Under EU-MDR, PMCF requirements make it clear that evidence can no longer be a one-off exercise. Globally, regulators and manufacturers are aligned: evaluating safety and performance must continue throughout the entire product lifecycle. RWD is the foundation that enables this ongoing, real-world understanding of device performance across markets.

4. Faster insights = faster innovation

Manufacturers using RWE can identify risks and opportunities far earlier, enabling faster and more informed iteration.

The challenge: Getting high-quality RWD isn’t easy

Manufacturers consistently tell us the same things:

“Our registries don’t include the device-specific detail we need.”

“Extracting meaningful data from EHRs is slow and inconsistent.”

“Our retrospective reviews are patchy and incomplete.”

“We know we need continuous clinical evidence, but the cost and workload is overwhelming.”

High-quality RWD must be:
✔ representative
✔ traceable
✔ device-specific
✔ complete
✔ aligned with defined endpoints
✔ analysable and defensible

Few data sources tick all these boxes. Post-Market Surveys do.

Post Market Surveys: The Most Scalable Way to Capture High-Quality RWD

Well-designed Post Market Surveys (whether clinician-reported, patient-reported, or both) offer a uniquely efficient way to gather targeted RWD that meets regulatory expectations.

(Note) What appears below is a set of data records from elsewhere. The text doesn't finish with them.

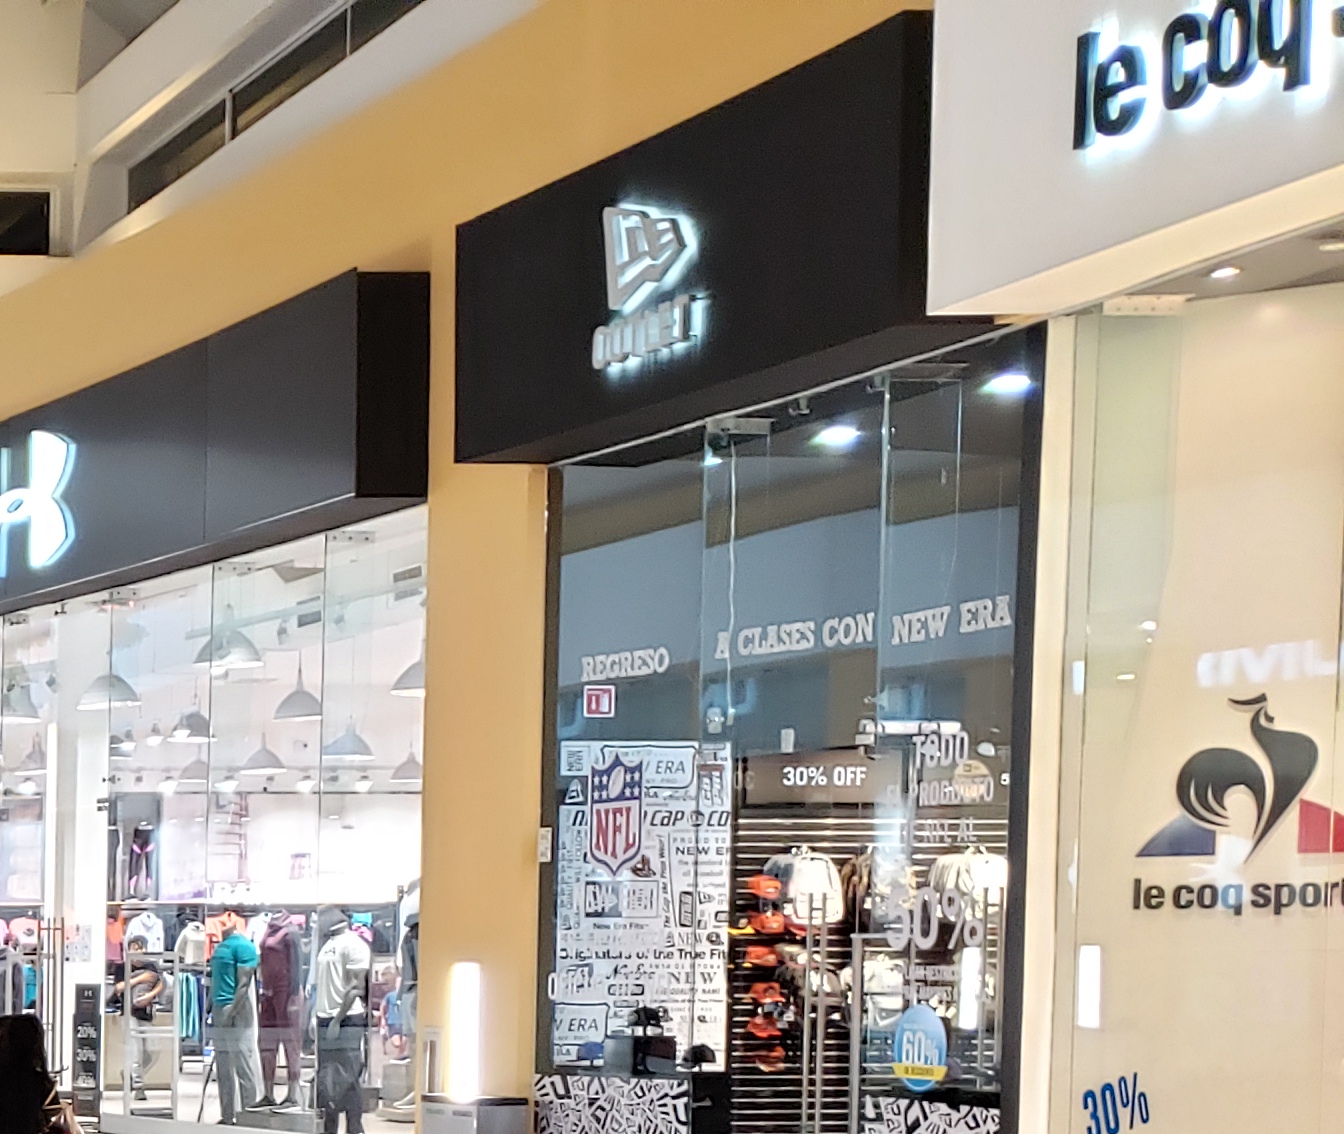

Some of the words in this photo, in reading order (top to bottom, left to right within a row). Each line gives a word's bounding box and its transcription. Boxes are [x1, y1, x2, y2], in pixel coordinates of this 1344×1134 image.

[1073, 31, 1146, 150] le
[1163, 0, 1311, 110] coq
[592, 294, 691, 371] OUTLET
[580, 646, 670, 683] REGRESO
[714, 630, 732, 660] A
[737, 621, 816, 656] CLASES
[823, 612, 876, 648] CON
[891, 605, 952, 646] NEW
[959, 594, 1012, 634] ERA
[655, 760, 686, 775] ERA
[913, 731, 970, 769] TODO
[782, 766, 827, 787] 30%
[832, 766, 868, 786] OFF
[594, 805, 637, 861] NFL
[675, 846, 710, 856] NEW
[1132, 877, 1166, 911] le
[1172, 882, 1244, 916] coq
[886, 886, 984, 950] 50%
[678, 947, 706, 960] True
[567, 1017, 599, 1032] ERA
[901, 1030, 940, 1066] 60%

1.  They generate device-specific insights regulators value

Unlike registries or EHRs, survey questions can be built precisely around:

• Your device’s performance

• Known or emerging risks

• Evidence gaps

• Claims you want to make

2. They reach the right users, at global scale

You can rapidly target:

• Your device’s performance Defined user segments

• High-risk cohorts

• Innovators and early adopters

• Broad, multinational user population

3. They provide structured, analysable data

Clear endpoints + validated questions = data suitable for statistical analysis and regulatory submissions.

4. They’re  cost-effective

Compared to prospective clinical studies, surveys deliver robust evidence in a fraction of the time and budget.

5. They support the entire clinical evidence lifecycle

 Survey data directly feeds into:

• Clinical Evaluation Reports (CERs)

• SSCP updates

• Risk management files

• PMS and PMCF plans and reports

• Label expansions

Why some surveys fail, and why ours don’t

Manufacturers often come to us saying they’ve tried surveys before and been disappointed. When we dig deeper, we usually uncover one of the following problems:

❌ Endpoints weren’t aligned with clinical claims

❌ Questions didn’t map to the device’s risk profile

❌ Respondents weren’t the right population

❌ Data lacked statistical robustness

❌ Surveys were treated as “tick-box” exercises rather than evidence-generating tools

A poor survey wastes time, budget, and credibility. A well-designed one is transformative.